* Directions for this task
Reproduce the lines below exactly, starting at the one containing "this 1728×1728 image." and stopping at the final line.

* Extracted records
== Segment start ==

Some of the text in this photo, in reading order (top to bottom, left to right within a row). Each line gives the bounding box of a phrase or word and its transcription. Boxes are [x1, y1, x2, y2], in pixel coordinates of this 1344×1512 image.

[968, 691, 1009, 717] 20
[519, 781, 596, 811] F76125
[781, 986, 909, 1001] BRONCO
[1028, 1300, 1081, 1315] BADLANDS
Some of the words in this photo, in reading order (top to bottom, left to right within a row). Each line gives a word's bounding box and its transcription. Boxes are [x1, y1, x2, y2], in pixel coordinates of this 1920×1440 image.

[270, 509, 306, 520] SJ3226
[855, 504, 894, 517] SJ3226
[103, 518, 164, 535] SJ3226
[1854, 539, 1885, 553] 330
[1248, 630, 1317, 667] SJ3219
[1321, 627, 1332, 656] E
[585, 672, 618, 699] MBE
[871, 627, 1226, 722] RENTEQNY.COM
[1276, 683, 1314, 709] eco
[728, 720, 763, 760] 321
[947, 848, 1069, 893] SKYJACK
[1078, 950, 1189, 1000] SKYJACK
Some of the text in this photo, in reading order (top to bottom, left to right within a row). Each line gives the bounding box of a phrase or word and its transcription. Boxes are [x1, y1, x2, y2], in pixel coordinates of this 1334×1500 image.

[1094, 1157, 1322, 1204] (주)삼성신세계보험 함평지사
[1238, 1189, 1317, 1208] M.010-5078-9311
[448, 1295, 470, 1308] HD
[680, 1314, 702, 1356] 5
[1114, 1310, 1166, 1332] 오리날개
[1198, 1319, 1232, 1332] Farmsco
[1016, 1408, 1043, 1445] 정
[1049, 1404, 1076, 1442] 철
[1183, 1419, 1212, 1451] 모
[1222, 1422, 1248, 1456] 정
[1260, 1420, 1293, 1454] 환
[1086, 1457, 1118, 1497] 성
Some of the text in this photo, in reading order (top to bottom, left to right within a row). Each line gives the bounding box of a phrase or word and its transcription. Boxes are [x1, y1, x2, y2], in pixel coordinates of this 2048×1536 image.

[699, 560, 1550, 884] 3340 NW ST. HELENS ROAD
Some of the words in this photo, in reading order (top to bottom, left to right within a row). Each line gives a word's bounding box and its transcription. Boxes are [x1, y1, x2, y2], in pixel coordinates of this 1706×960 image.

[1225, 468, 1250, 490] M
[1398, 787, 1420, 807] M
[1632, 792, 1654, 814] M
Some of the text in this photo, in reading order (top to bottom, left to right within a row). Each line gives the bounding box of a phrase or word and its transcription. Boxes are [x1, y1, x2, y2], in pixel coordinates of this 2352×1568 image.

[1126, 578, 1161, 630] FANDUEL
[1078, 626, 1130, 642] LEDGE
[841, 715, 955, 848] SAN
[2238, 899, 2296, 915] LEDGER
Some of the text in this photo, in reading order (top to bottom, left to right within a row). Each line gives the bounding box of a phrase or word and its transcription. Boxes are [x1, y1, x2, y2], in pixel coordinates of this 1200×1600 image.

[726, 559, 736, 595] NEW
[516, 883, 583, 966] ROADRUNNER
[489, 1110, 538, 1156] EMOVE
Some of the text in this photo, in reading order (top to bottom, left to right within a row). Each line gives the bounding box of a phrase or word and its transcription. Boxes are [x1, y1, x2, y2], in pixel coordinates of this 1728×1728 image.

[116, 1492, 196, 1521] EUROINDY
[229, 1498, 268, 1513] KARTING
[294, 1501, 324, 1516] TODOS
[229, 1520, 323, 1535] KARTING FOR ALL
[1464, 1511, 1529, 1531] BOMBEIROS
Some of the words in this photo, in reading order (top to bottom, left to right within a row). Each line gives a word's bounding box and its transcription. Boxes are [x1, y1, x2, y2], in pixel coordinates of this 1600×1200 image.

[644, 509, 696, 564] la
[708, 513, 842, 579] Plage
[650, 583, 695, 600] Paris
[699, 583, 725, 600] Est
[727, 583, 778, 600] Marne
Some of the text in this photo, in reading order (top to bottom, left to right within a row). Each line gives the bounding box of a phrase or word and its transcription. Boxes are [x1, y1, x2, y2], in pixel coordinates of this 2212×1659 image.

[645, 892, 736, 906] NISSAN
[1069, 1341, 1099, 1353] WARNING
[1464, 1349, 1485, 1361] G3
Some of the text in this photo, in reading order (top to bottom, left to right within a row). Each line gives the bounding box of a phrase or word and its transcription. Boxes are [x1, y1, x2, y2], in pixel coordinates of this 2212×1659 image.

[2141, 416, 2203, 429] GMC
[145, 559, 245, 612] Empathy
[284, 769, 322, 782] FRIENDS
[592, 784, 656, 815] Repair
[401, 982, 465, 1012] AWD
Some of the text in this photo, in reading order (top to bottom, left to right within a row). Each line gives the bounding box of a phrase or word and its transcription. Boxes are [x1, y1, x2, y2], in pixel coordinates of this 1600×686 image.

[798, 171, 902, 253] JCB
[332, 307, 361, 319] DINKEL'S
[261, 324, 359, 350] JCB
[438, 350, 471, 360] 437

== Segment end ==

* Output for this exercise
Some of the text in this photo, in reading order (top to bottom, left to right within a row). Each line gives the bounding box of a phrase or word and its transcription. Boxes are [x1, y1, x2, y2], in pixel coordinates of this 1728×1728 image.

[116, 1492, 196, 1521] EUROINDY
[229, 1498, 268, 1513] KARTING
[294, 1501, 324, 1516] TODOS
[229, 1520, 323, 1535] KARTING FOR ALL
[1464, 1511, 1529, 1531] BOMBEIROS
Some of the words in this photo, in reading order (top to bottom, left to right within a row). Each line gives a word's bounding box and its transcription. Boxes are [x1, y1, x2, y2], in pixel coordinates of this 1600×1200 image.

[644, 509, 696, 564] la
[708, 513, 842, 579] Plage
[650, 583, 695, 600] Paris
[699, 583, 725, 600] Est
[727, 583, 778, 600] Marne
Some of the text in this photo, in reading order (top to bottom, left to right within a row). Each line gives the bounding box of a phrase or word and its transcription. Boxes are [x1, y1, x2, y2], in pixel coordinates of this 2212×1659 image.

[645, 892, 736, 906] NISSAN
[1069, 1341, 1099, 1353] WARNING
[1464, 1349, 1485, 1361] G3
Some of the text in this photo, in reading order (top to bottom, left to right within a row). Each line gives the bounding box of a phrase or word and its transcription. Boxes are [x1, y1, x2, y2], in pixel coordinates of this 2212×1659 image.

[2141, 416, 2203, 429] GMC
[145, 559, 245, 612] Empathy
[284, 769, 322, 782] FRIENDS
[592, 784, 656, 815] Repair
[401, 982, 465, 1012] AWD
Some of the text in this photo, in reading order (top to bottom, left to right within a row). Each line gives the bounding box of a phrase or word and its transcription. Boxes are [x1, y1, x2, y2], in pixel coordinates of this 1600×686 image.

[798, 171, 902, 253] JCB
[332, 307, 361, 319] DINKEL'S
[261, 324, 359, 350] JCB
[438, 350, 471, 360] 437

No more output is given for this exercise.